1 cajú maduro cortado em pedaços.
Espremer num pilãozinho de madeira com açúcar à vontade
Adicionar aguardente à vontade com gêlo picado
Deixar 10 a 15 minutos em descanso.
Antes de tomar misturar bem”

De lá para cá, surgiram várias versões do caju amigo e hoje há inúmeras releituras nos bares do país. Nos livros, o registro mais recente é de 1981, no Comidas de botequim, de Ana Judith de Carvalho. Essa é a primeira vez que a bebida aparece com leite condensado em sua composição e é servida coada. A receita leva três doses de aguardente, um copo de suco de caju, uma colher de leite condensado e duas colheres de sopa de gelo grosseiramente picadas. Nota do editor: “A pessoa bebe um gole e chupa um pouco da fruta que, entre outras qualidades, tem a propriedade de cortar o bafo…”.

À frente do Jiquitaia, Carolina Bastos, a Nina, sempre foi mais da caipirinha e não tinha qualquer relação com o caju amigo até resolver dar uma repaginada na carta do bar seis anos atrás. Foi quando surgiu a versão dela para o caju amigo, batido e com cachaça.

O pessoal do vinho que me perdoe, mas harmonização mais perfeita que o caju com a cachaça é difícil de encontrar na gastronomia. Na hora, pensei por que o caju amigo não tinha sido feito com cachaça? Foi aí que fiz minha versão – relembra ela – Quis fazer do jeito mais natural possível, sem suco industrializado. A gente trabalha com muito caju fresco, nós mesmos fazemos a compota, com suco de caju bem concentrado.

Nina ressalta que todos esses cuidados fazem do coquetel um dos mais vendidos do bar nos últimos anos.

Fui atrás de uma cachaça que fosse ficar legal com o caju.

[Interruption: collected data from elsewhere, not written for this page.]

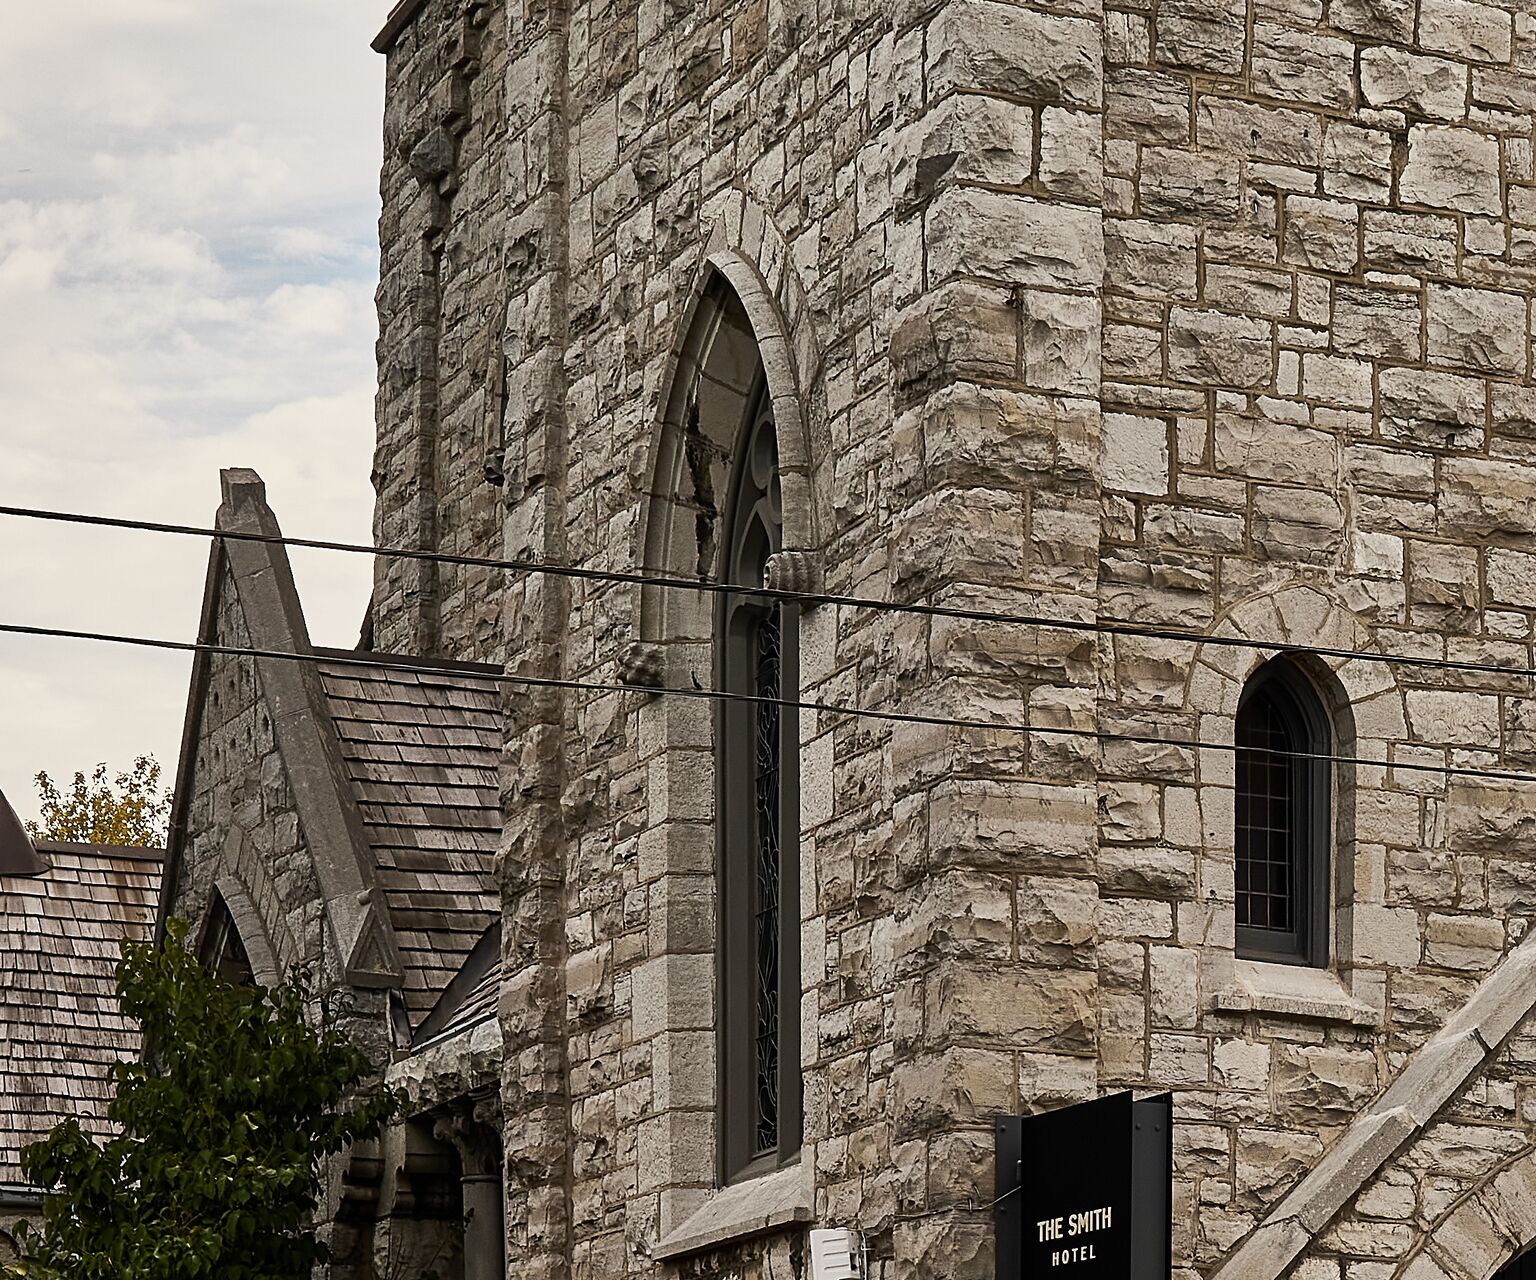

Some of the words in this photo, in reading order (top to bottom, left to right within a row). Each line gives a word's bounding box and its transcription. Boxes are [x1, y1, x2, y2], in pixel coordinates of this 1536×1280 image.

[1036, 1216, 1064, 1243] THE
[1067, 1206, 1112, 1236] SMITH
[1052, 1244, 1097, 1267] HOTEL
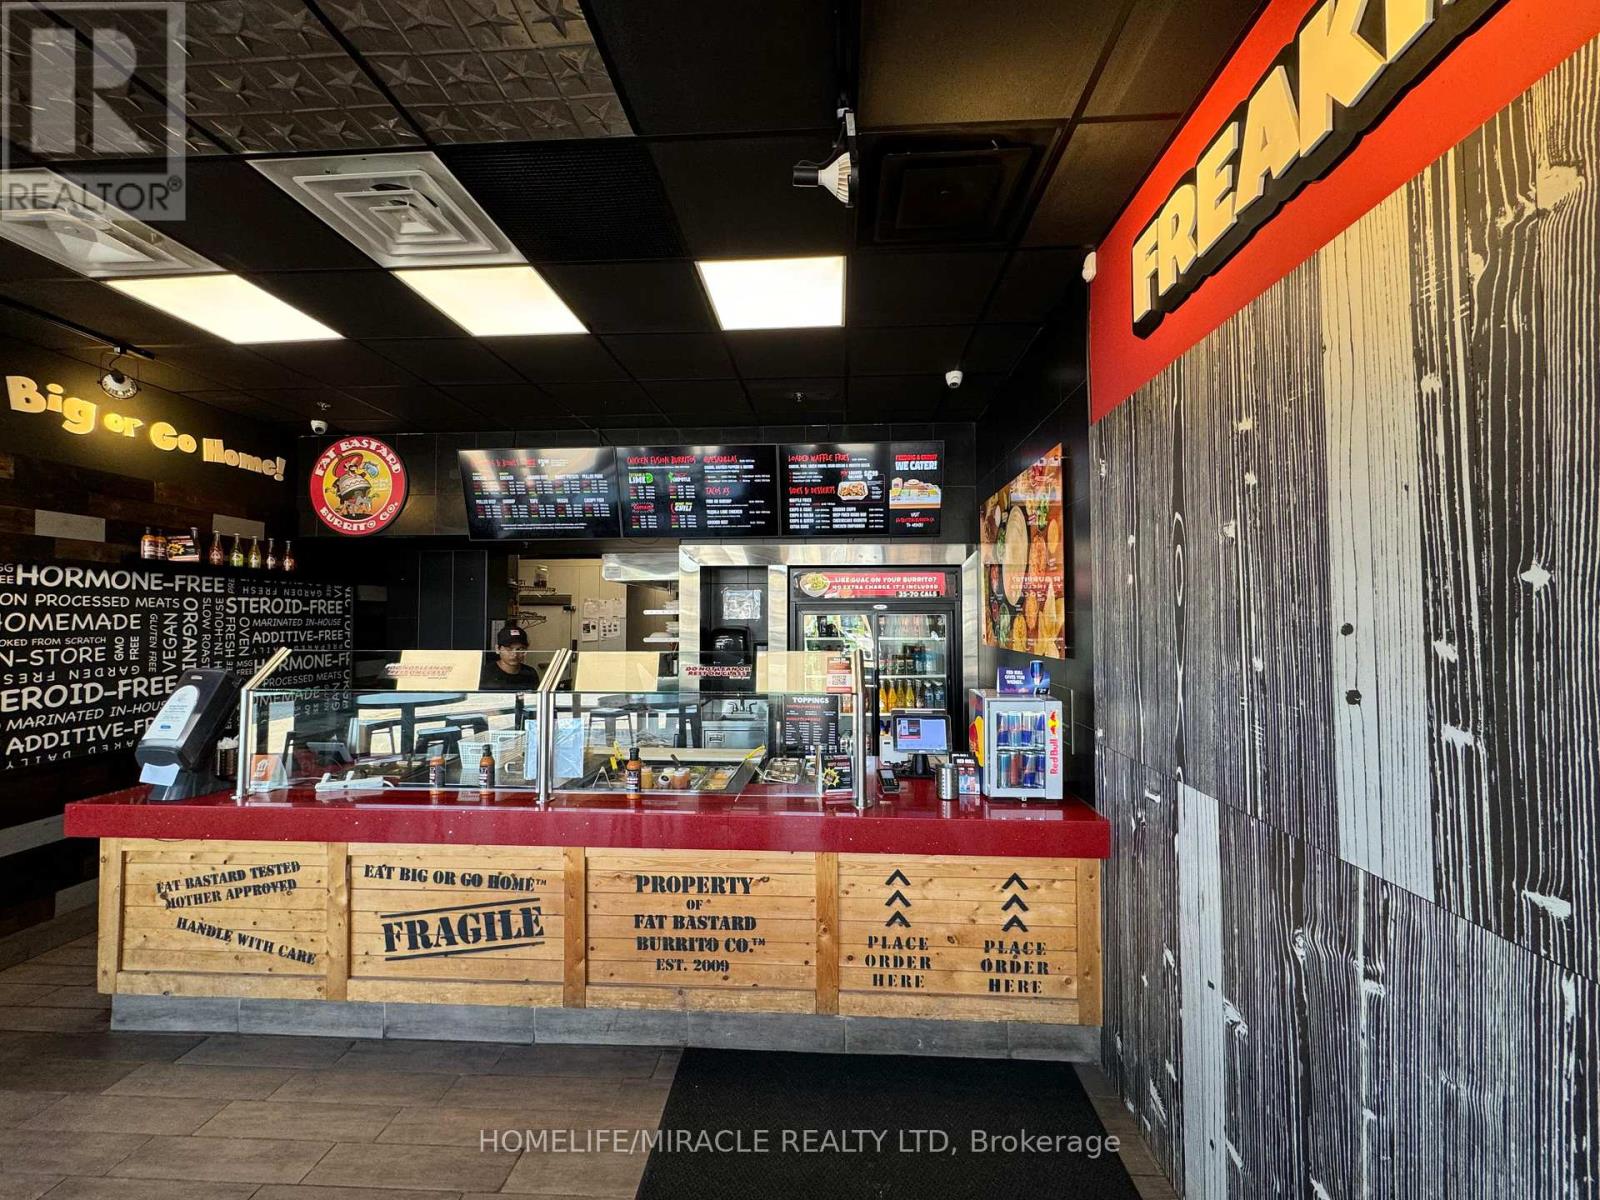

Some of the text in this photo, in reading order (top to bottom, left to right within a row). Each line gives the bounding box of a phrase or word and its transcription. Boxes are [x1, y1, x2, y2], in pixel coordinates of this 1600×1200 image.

[6, 375, 286, 481] Big or Go Home!
[315, 439, 401, 476] FAT BASTARD
[895, 461, 938, 471] WE CATER!
[320, 507, 376, 531] BURRITO
[17, 564, 225, 594] HORMONE-FREE
[35, 593, 130, 607] PROCESSED
[135, 597, 180, 608] MEATS
[226, 597, 343, 614] STEROID-FREE
[0, 612, 141, 632] OMEMADE
[202, 598, 212, 629] SLOW
[252, 618, 341, 627] MARINATED IN-HOUSE
[32, 638, 61, 646] FROM
[65, 636, 107, 645] SCRATCH
[148, 613, 158, 672] GLUTEN FREE
[162, 613, 178, 673] VEGAN
[225, 617, 236, 658] FRESH
[239, 617, 250, 656] OVEN
[252, 630, 343, 644] ADDITIVE-FREE
[69, 666, 140, 680] GARDEN
[792, 696, 829, 704] TOPPINGS
[6, 707, 104, 732] MARINATED
[6, 751, 71, 769] DAILY
[1049, 739, 1059, 775] Red Bull
[156, 861, 301, 894] FAT BASTARD TESTED
[364, 864, 395, 880] EAT
[400, 867, 428, 883] BIG
[433, 870, 456, 885] OR
[460, 872, 483, 887] GO
[635, 875, 754, 894] PROPERTY
[165, 878, 297, 910] MOTHER APPROVED
[686, 900, 704, 910] OF
[382, 906, 544, 952] FRAGILE
[634, 914, 756, 930] FAT BASTARD
[176, 917, 317, 965] HANDLE WITH CARE
[636, 936, 719, 952] BURRITO
[867, 936, 929, 951] PLACE
[984, 940, 1046, 955] PLACE
[656, 958, 729, 972] EST. 2009
[864, 955, 932, 970] ORDER
[980, 959, 1049, 975] ORDER
[872, 974, 925, 988] HERE
[988, 978, 1042, 993] HERE

Como a compota tem bastante especiarias, peguei uma cachaça que fica descansando no Jequitibá rosa, que é bem neutra e não dá muito sabor. Para não ficar muito doce, entrei com um limão para dar uma nota de acidez. Não queria que fosse uma sobremesa. E fiz batido. Em poucos meses virou um dos coquetéis mais vendidos da casa.

Fato é que a combinação de ingredientes que compõem o Caju Amigo já pairava no ar antes de Guilhermino chegar no Pandoro. Até já existia um drinque com caju por lá, aliás, feito pelo barman Fumaça, mas era feito com gim e caju fresco. A grande sacada dele e de sua trupe foi encontrar a receita perfeita, usar a vodca mais aceita na época, acrescentar o tal do segredinho – que ele nunca revelou – e estar na hora certa no momento certo. Touché! O drinque foi um sucesso e fez história.

Na década de 1970, a cachaça não chegava publicamente nos bares, porque beber cachaça era ser pinguço. Então, os caras pegaram a batida e construíram a bebida, adicionando vodca, depois gim – diz Rabbits – Mas é claro que o caju amigo já existia bem antes de tudo isso. Sempre foi uma batida feita com cachaça, sem leite condensado, mas é uma batida.